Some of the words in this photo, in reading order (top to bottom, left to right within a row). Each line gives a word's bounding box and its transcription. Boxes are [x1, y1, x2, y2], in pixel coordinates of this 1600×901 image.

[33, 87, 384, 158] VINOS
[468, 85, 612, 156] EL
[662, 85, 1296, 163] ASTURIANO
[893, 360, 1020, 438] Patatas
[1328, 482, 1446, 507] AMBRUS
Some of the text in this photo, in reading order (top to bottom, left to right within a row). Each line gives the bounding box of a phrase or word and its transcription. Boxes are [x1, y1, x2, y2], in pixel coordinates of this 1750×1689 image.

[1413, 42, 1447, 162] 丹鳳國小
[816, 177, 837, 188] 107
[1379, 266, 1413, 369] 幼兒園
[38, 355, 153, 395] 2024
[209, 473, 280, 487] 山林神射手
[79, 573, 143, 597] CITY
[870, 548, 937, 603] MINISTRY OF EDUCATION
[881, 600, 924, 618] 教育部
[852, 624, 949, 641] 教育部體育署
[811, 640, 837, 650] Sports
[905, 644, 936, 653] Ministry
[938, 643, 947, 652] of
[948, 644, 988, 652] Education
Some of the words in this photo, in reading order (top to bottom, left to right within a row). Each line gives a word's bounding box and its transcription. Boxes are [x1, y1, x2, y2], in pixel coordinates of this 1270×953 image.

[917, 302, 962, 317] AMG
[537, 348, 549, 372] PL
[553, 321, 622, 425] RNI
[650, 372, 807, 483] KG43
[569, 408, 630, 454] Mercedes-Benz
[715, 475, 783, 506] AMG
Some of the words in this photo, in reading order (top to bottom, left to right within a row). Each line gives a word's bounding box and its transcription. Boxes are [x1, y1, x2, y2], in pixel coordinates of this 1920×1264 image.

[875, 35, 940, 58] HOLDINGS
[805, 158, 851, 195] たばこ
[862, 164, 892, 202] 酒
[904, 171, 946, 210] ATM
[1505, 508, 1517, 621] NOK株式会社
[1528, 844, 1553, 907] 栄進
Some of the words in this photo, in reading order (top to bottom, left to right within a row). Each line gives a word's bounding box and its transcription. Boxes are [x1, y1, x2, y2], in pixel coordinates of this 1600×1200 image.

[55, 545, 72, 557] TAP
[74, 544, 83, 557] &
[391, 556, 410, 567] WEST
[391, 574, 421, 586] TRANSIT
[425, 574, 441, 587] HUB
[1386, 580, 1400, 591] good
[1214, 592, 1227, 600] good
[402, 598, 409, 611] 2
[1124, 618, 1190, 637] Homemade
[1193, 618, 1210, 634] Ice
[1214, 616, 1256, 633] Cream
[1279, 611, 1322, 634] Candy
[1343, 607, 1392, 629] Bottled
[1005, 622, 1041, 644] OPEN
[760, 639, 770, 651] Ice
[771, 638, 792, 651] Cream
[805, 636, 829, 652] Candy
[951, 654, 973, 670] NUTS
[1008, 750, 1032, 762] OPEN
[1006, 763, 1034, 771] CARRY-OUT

◆ ◆ ◆ ◆

WHAT TO WORK ON → Line by line, output the listing above without alteration.

WRITTEN SOLUTION →
Some of the words in this photo, in reading order (top to bottom, left to right within a row). Each line gives a word's bounding box and its transcription. Boxes are [x1, y1, x2, y2], in pixel coordinates of this 1600×901 image.

[33, 87, 384, 158] VINOS
[468, 85, 612, 156] EL
[662, 85, 1296, 163] ASTURIANO
[893, 360, 1020, 438] Patatas
[1328, 482, 1446, 507] AMBRUS
Some of the text in this photo, in reading order (top to bottom, left to right within a row). Each line gives the bounding box of a phrase or word and its transcription. Boxes are [x1, y1, x2, y2], in pixel coordinates of this 1750×1689 image.

[1413, 42, 1447, 162] 丹鳳國小
[816, 177, 837, 188] 107
[1379, 266, 1413, 369] 幼兒園
[38, 355, 153, 395] 2024
[209, 473, 280, 487] 山林神射手
[79, 573, 143, 597] CITY
[870, 548, 937, 603] MINISTRY OF EDUCATION
[881, 600, 924, 618] 教育部
[852, 624, 949, 641] 教育部體育署
[811, 640, 837, 650] Sports
[905, 644, 936, 653] Ministry
[938, 643, 947, 652] of
[948, 644, 988, 652] Education
Some of the words in this photo, in reading order (top to bottom, left to right within a row). Each line gives a word's bounding box and its transcription. Boxes are [x1, y1, x2, y2], in pixel coordinates of this 1270×953 image.

[917, 302, 962, 317] AMG
[537, 348, 549, 372] PL
[553, 321, 622, 425] RNI
[650, 372, 807, 483] KG43
[569, 408, 630, 454] Mercedes-Benz
[715, 475, 783, 506] AMG
Some of the words in this photo, in reading order (top to bottom, left to right within a row). Each line gives a word's bounding box and its transcription. Boxes are [x1, y1, x2, y2], in pixel coordinates of this 1920×1264 image.

[875, 35, 940, 58] HOLDINGS
[805, 158, 851, 195] たばこ
[862, 164, 892, 202] 酒
[904, 171, 946, 210] ATM
[1505, 508, 1517, 621] NOK株式会社
[1528, 844, 1553, 907] 栄進
Some of the words in this photo, in reading order (top to bottom, left to right within a row). Each line gives a word's bounding box and its transcription. Boxes are [x1, y1, x2, y2], in pixel coordinates of this 1600×1200 image.

[55, 545, 72, 557] TAP
[74, 544, 83, 557] &
[391, 556, 410, 567] WEST
[391, 574, 421, 586] TRANSIT
[425, 574, 441, 587] HUB
[1386, 580, 1400, 591] good
[1214, 592, 1227, 600] good
[402, 598, 409, 611] 2
[1124, 618, 1190, 637] Homemade
[1193, 618, 1210, 634] Ice
[1214, 616, 1256, 633] Cream
[1279, 611, 1322, 634] Candy
[1343, 607, 1392, 629] Bottled
[1005, 622, 1041, 644] OPEN
[760, 639, 770, 651] Ice
[771, 638, 792, 651] Cream
[805, 636, 829, 652] Candy
[951, 654, 973, 670] NUTS
[1008, 750, 1032, 762] OPEN
[1006, 763, 1034, 771] CARRY-OUT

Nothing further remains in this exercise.